Every line of the records must be repeated exactly; pictures stay out.

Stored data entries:
|---|
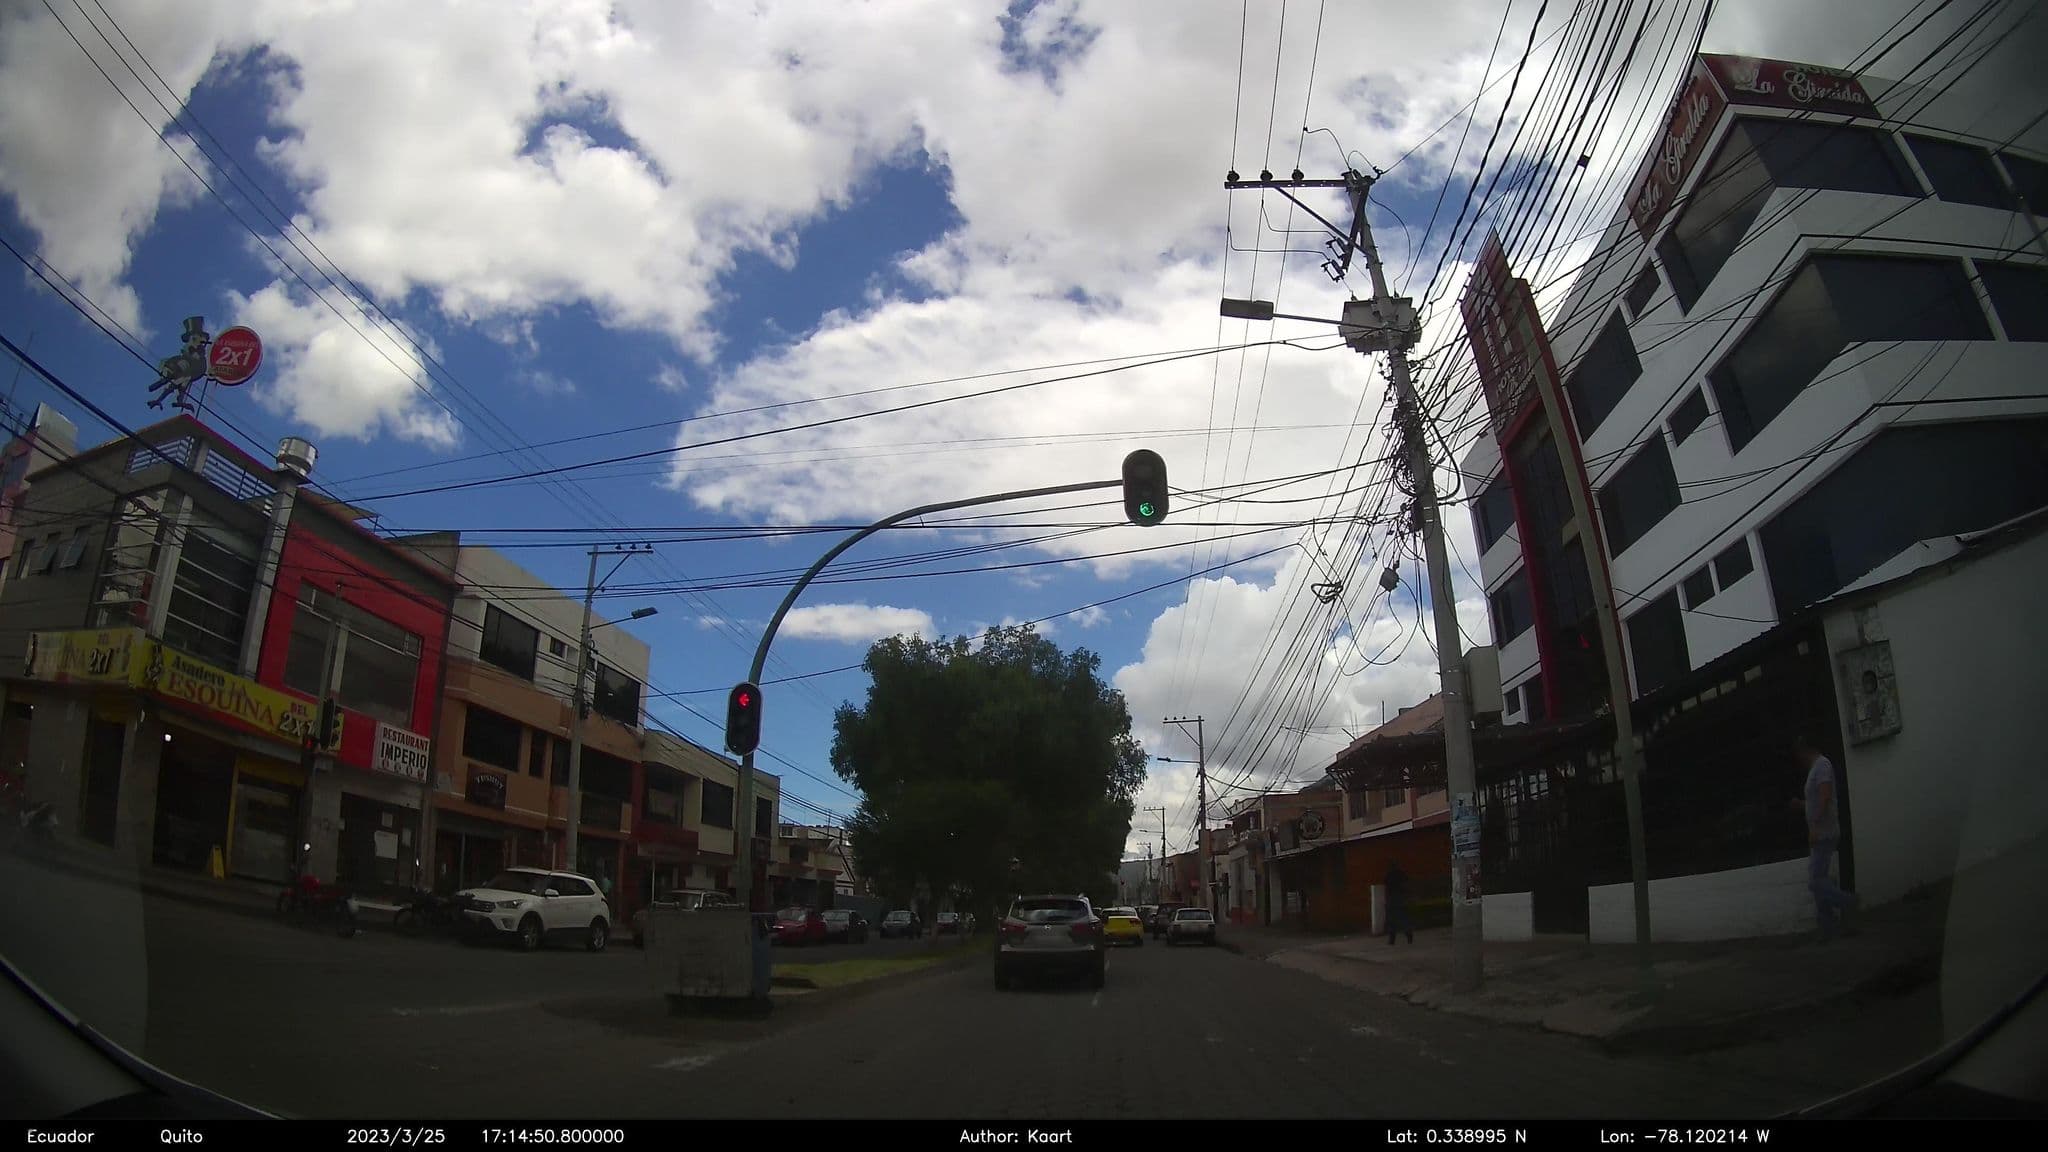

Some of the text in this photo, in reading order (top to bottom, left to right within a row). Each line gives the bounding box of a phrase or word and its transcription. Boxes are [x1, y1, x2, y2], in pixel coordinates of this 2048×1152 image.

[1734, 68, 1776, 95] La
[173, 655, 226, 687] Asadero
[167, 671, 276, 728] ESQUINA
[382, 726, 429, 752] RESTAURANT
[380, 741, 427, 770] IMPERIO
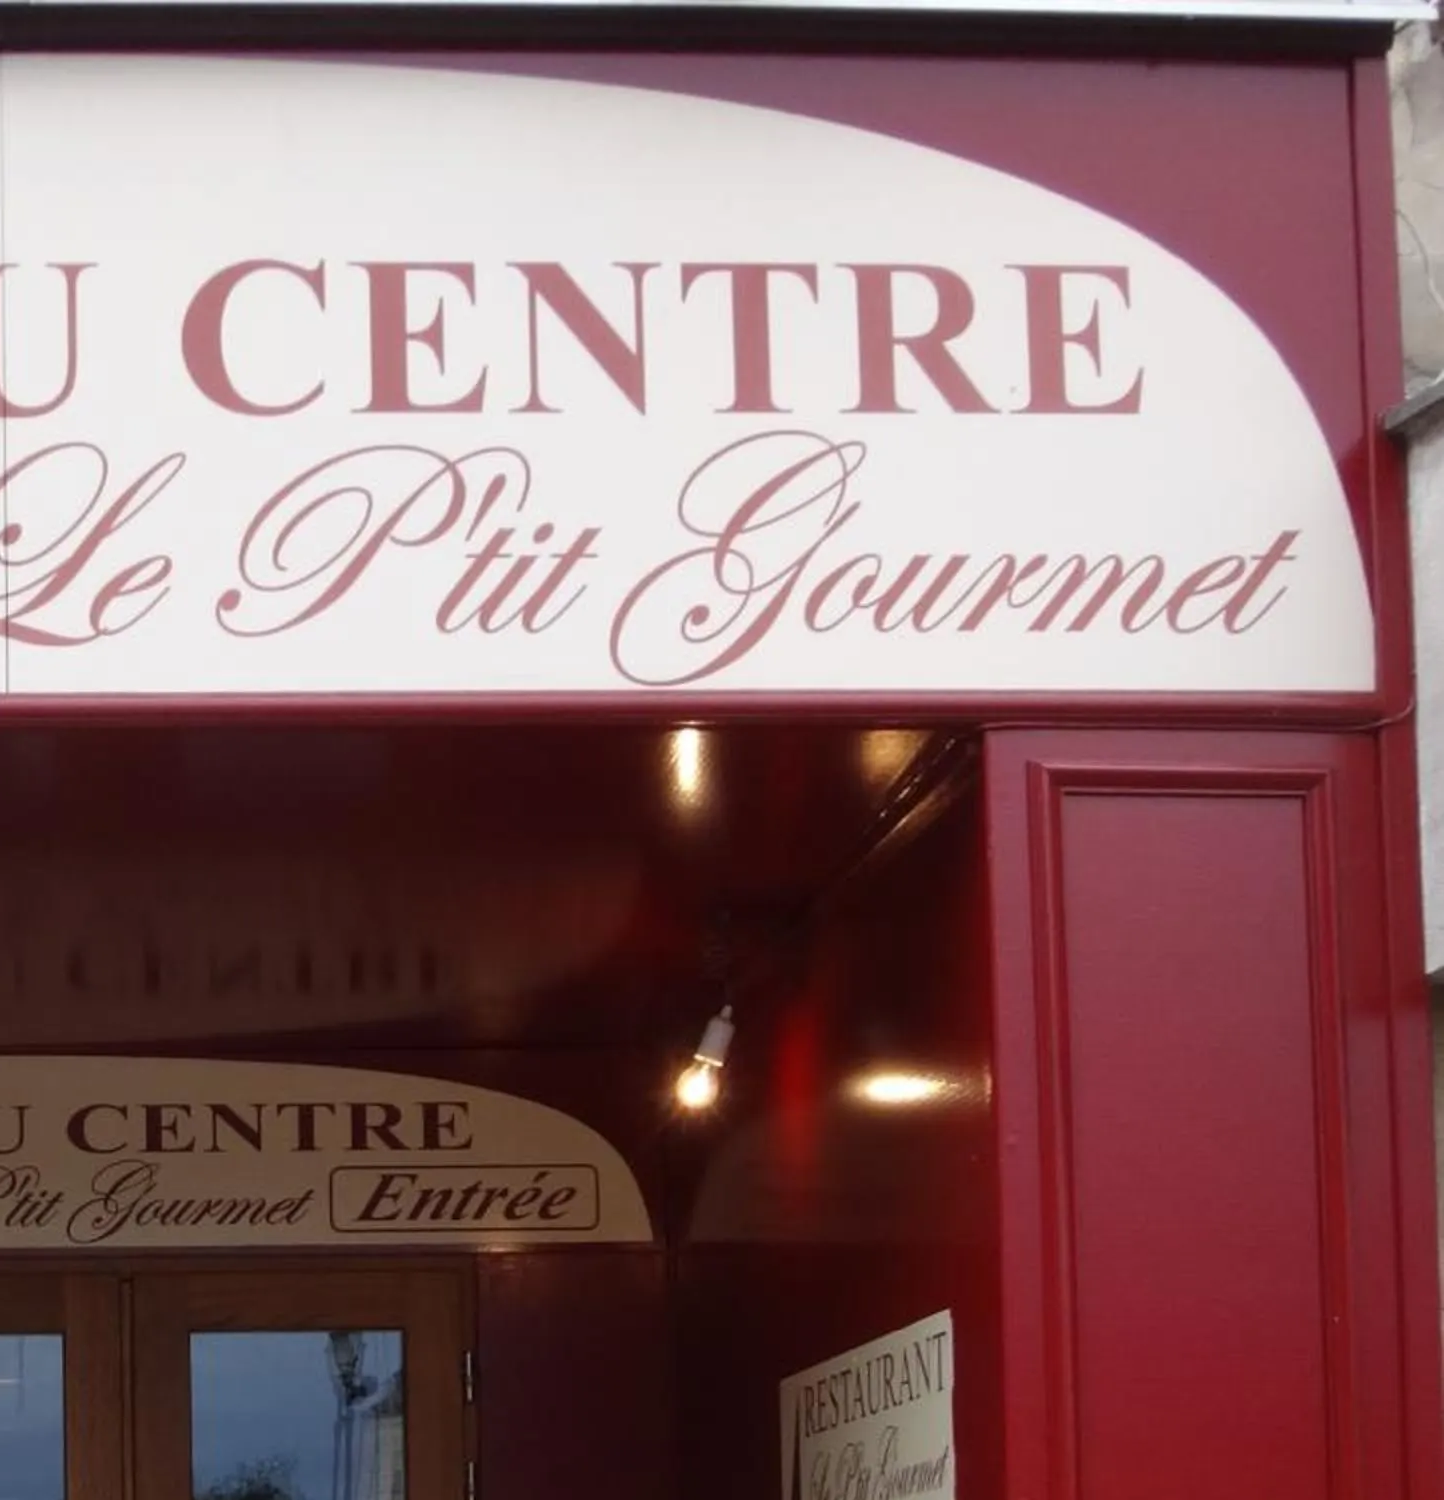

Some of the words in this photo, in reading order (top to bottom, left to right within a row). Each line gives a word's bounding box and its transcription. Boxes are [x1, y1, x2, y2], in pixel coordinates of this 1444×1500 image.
|---|
▶ TASK RESULT
Some of the text in this photo, in reading order (top to bottom, left to right within a row). Each line gives the bounding box of a phrase or word and its transcription. Boxes are [x1, y1, x2, y2], in pixel coordinates of this 2048×1152 image.

[1734, 68, 1776, 95] La
[173, 655, 226, 687] Asadero
[167, 671, 276, 728] ESQUINA
[382, 726, 429, 752] RESTAURANT
[380, 741, 427, 770] IMPERIO

Some of the words in this photo, in reading order (top to bottom, left to right within a row). Each line gives a word's bounding box and its transcription. Boxes are [x1, y1, x2, y2], in pixel coordinates of this 1444×1500 image.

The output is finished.